Why am I shocked that Al Gore's calculated effort to divide this nation along racial, ethnic, gender, social and economic lines for political gain has persisted beyond the election? I realize it was naive, but I thought that there would be some limits on what Gore would be willing to do to fulfill his lifelong goal of becoming president of the United States.
For most of this week I have been beside myself with concern that Gore would end up tinkering with the system until the election results finally turned his way. The thought of four more years of lawlessness and demagoguery was quite depressing.
After everything that's happened this week, my fears have shifted from the alarming prospect of a Gore regime to the almost inevitable atmosphere of bitterness that will prevail in Washington regardless of whether Bush or Gore becomes president.
Let me be clear. I emphatically reject the conventional wisdom that close elections breed disharmony or even lead to gridlock. We have had close presidential elections many times with no resulting chaos. Competing political philosophies can be as healthy for the political system as free enterprise is to the economy.
It's not the closeness that is problematic, but the polarization that Gore and his camp have engendered throughout the campaign cycle.
And don't tell me that every politician is polarizing. That's intellectual laziness and dishonesty. George Bush isn't dividing people. It's not in his makeup. It's not part of his agenda.
Gore's class and race warfare is only part of the problem. He is also polarizing the nation through his endless trail of deceit. At least half of the people have had their fill of it and are grievously alienated. Yet it continues, to wit:
On election night, as soon as the networks reversed their premature prediction that Gore would win Florida, the Democratic machine whipped into action. The Associated Press reported that the Democratic National Committee paid TeleQuest Teleservices, a telemarketing firm, to make thousands of calls on election night while polls were still open to scare Palm Beach voters into thinking they had voted incorrectly and to encourage them to return to the polls and complain. But Florida Democratic Congressman Robert Wexler, one of President Clinton's most obnoxious flacks during impeachment, ran to the press and pretended that he had received spontaneous calls from voters who were distraught over their confusing ballots.

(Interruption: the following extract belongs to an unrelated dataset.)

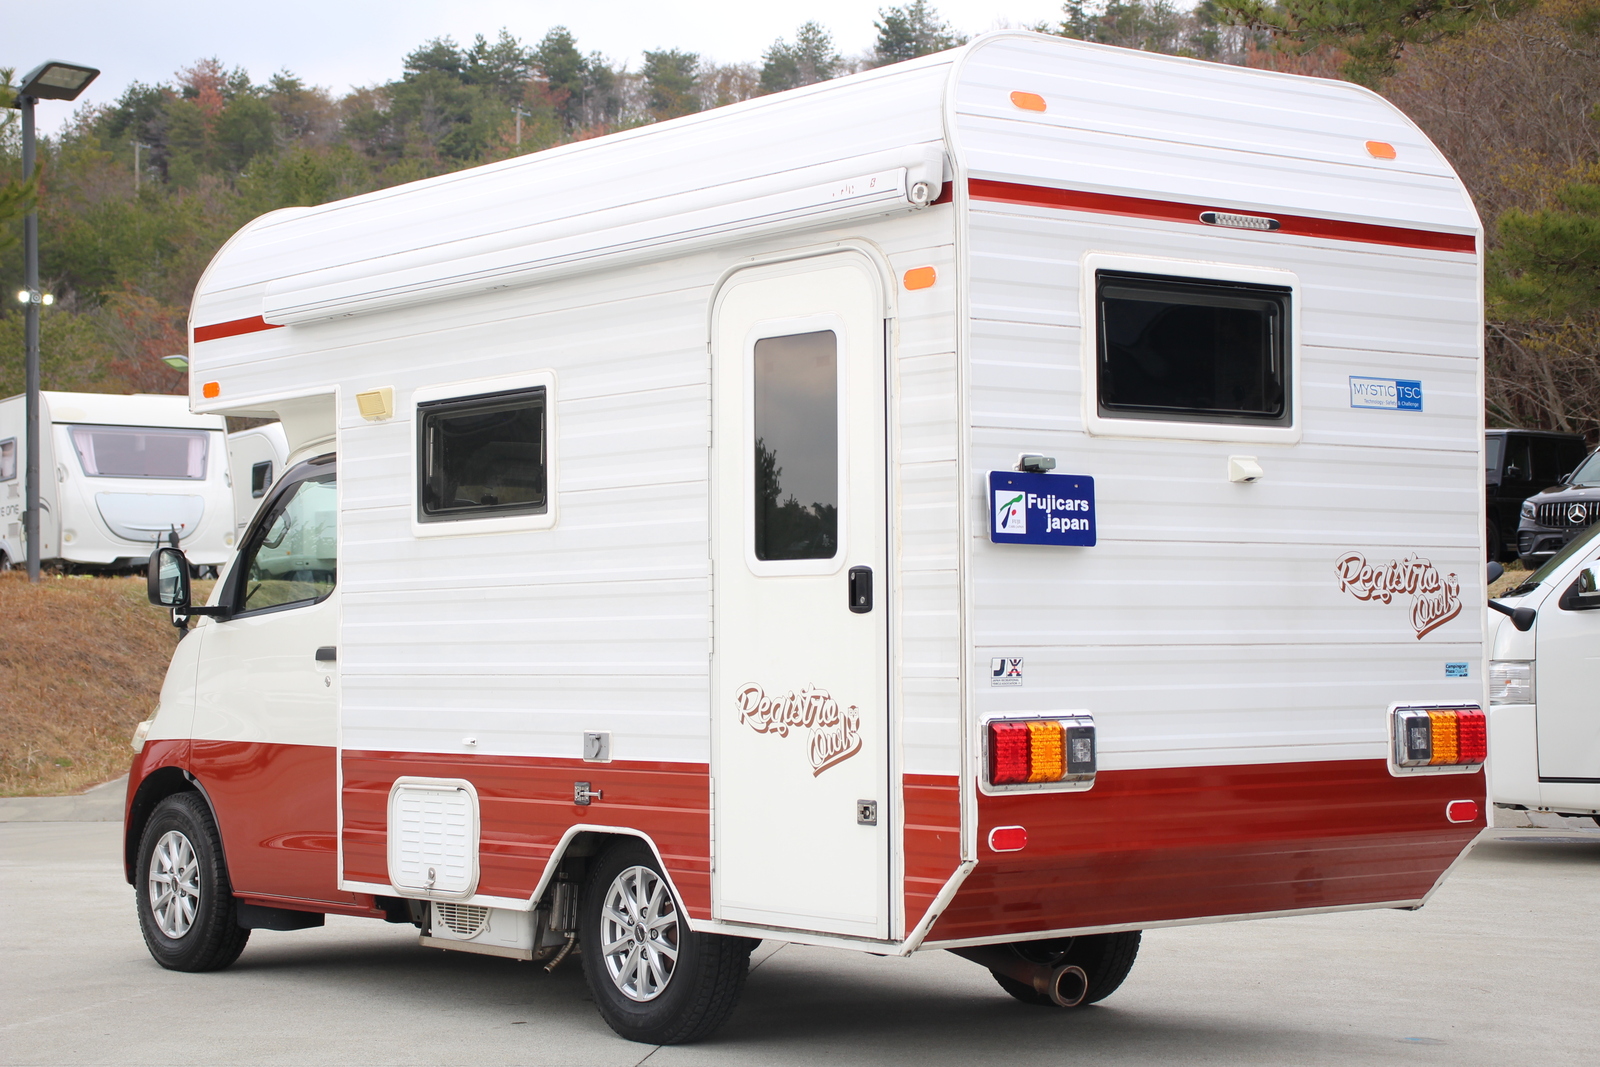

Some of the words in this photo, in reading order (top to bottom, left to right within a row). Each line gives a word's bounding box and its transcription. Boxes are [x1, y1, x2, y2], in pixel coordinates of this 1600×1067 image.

Gore lawyer and Harvard law professor Lawrence Tribe said machine ballots are biased toward poor people. What a deplorable waste of a formidable IQ.
The sainted Joe Lieberman criticized the Bush campaign for going to court while Gore had not. Yet Gore's surrogates have filed eight separate lawsuits. Just how dense do they think we are?
Florida Secretary of State Katherine Harris announced that she would comply with the state statute requiring her to ignore ballots of any county that were not filed with her within the statutory deadline. The pertinent statute clearly affords her no discretion.
So what do Gore's venerable spokesmen say about Harris' statement that she will honor the law? Warren Christopher denounced her as a partisan, saying her decision was arbitrary and unreasonable. Leave it to a former Clinton-Gore official to characterize obeying the law as unreasonable.
Gore press secretary Chris Lehane said Harris "is trying to do an end run that would frustrate the will of the people. ... She is acting in the finest tradition of a Soviet commissar." I can't comment on this remark without cursing.
Gore communications director Mark Fabiani called the secretary of state "a crony of the Bush brothers" who is "trying to steal this election away." If you want to talk about political cronyism, you need only consider the prospect of a manual recount in the four most Gore-favoring Florida counties. If that doesn't convince you, watch a replay of the banana republic-style actions of the Democrat-controlled vote commissioners as they used their election-Ouija boards to add votes to Gore's column during the manual recount.
I am not advocating that Gore concede the election before all the absentee ballots are received and tabulated. But I am saying that he ought to stop acting like a frustrated 1960s radical who grew up and suddenly found himself in a position to do real harm to the nation and didn't say no. It's time to say no, Mr. Gore.
~David Limbaugh of Cape Girardeau is a nationally syndicated columnist.